*GOAL OF THE EXERCISE*:
Set down all of the data that follows word for word, without the images.

*DATA FOR THIS TASK*:
- Opening Delimiter -

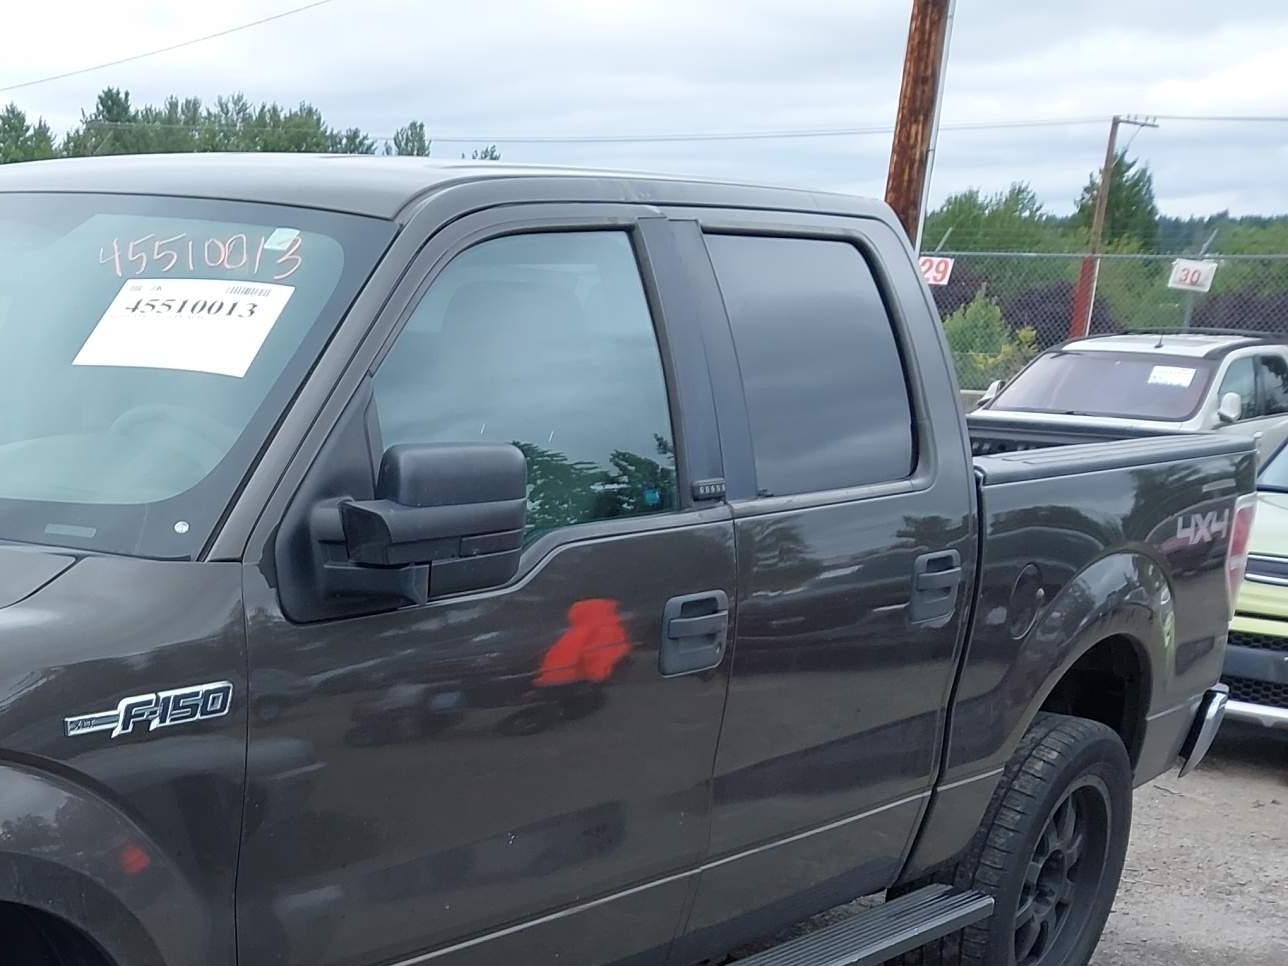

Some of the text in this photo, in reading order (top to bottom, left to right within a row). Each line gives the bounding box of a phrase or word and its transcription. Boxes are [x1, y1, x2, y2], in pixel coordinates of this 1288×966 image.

[99, 232, 303, 280] 45510013
[920, 258, 949, 282] 29
[1179, 268, 1201, 286] 30
[124, 298, 259, 318] 45510013
[116, 683, 233, 736] F-150
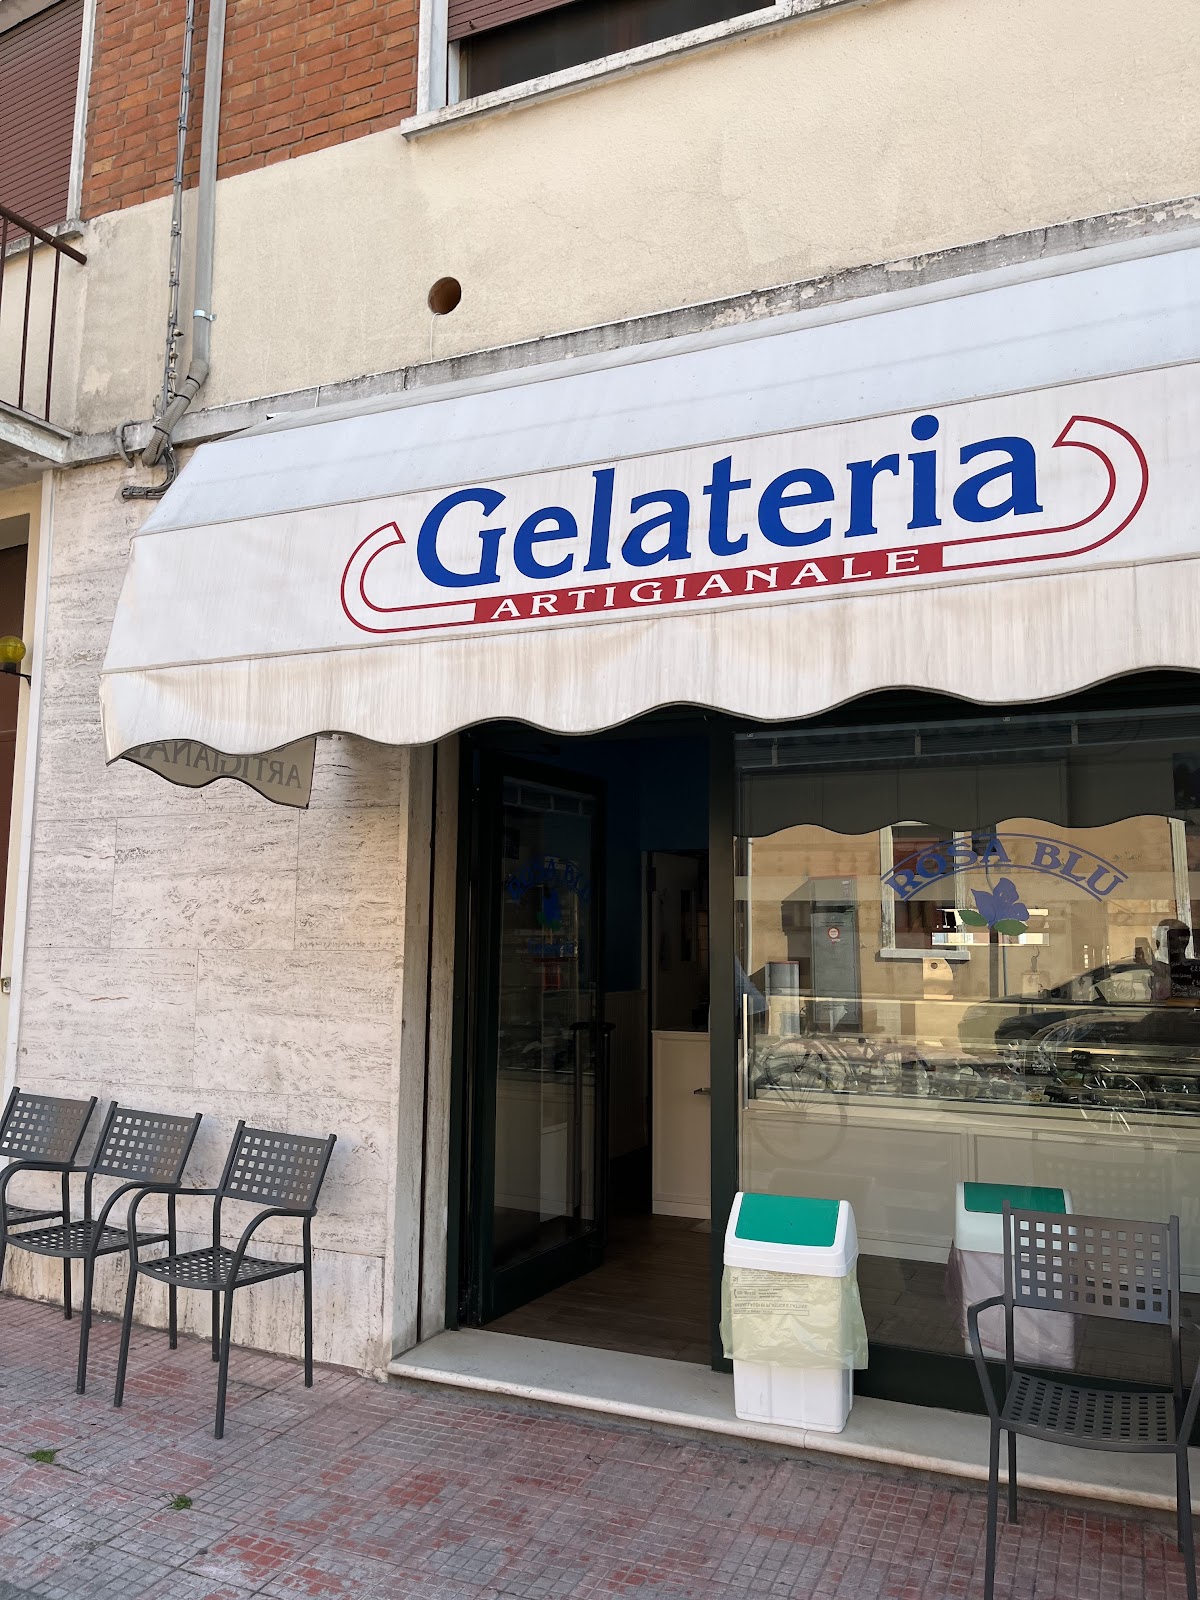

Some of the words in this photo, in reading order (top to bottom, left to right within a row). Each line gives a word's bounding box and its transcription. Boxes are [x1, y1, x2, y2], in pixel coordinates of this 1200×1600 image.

[417, 414, 1043, 588] Gelateria
[490, 547, 924, 622] ARTIGIANALE
[884, 838, 1012, 898] ROSA
[1031, 841, 1124, 896] BLU
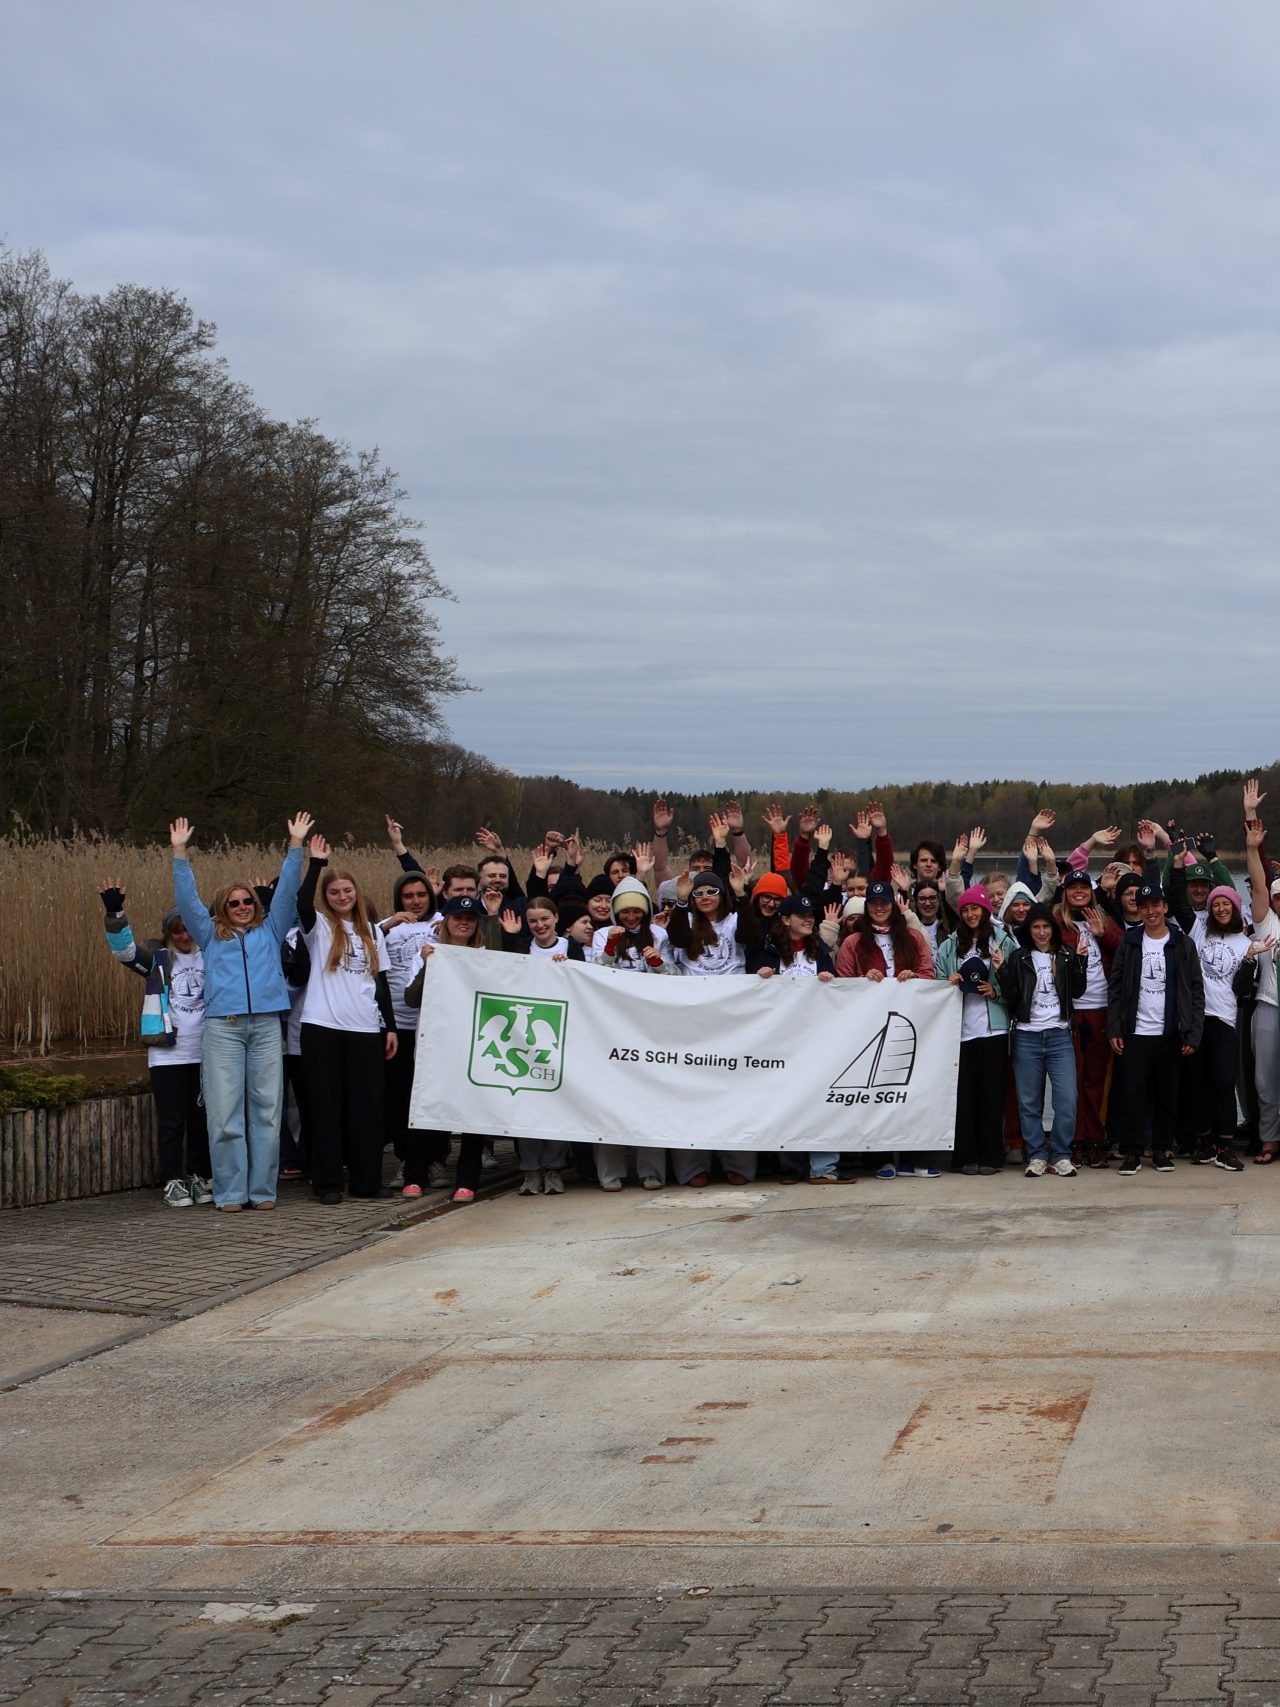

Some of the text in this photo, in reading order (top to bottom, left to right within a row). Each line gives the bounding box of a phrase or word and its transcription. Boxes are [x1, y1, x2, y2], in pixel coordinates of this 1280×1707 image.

- Closing Delimiter -

*EXERCISE RESULT*:
Some of the text in this photo, in reading order (top to bottom, left to right within a row). Each line gives the bounding box of a phrase or word and its transcription. Boxes are [x1, y1, x2, y2], in pixel coordinates of this 1288×966 image.

[99, 232, 303, 280] 45510013
[920, 258, 949, 282] 29
[1179, 268, 1201, 286] 30
[124, 298, 259, 318] 45510013
[116, 683, 233, 736] F-150

Some of the words in this photo, in reading order (top to bottom, left to right within a row). Each line gives a word's bounding box and its transcription. Boxes are [x1, y1, x2, y2], in pixel coordinates of this 1200×1600 image.

[417, 414, 1043, 588] Gelateria
[490, 547, 924, 622] ARTIGIANALE
[884, 838, 1012, 898] ROSA
[1031, 841, 1124, 896] BLU

Some of the text in this photo, in reading order (top to bottom, left to right within a row). Each line gives the bounding box of a phrase or word and its transcription. Boxes are [x1, y1, x2, y2], in pixel coordinates of this 1280×1707 image.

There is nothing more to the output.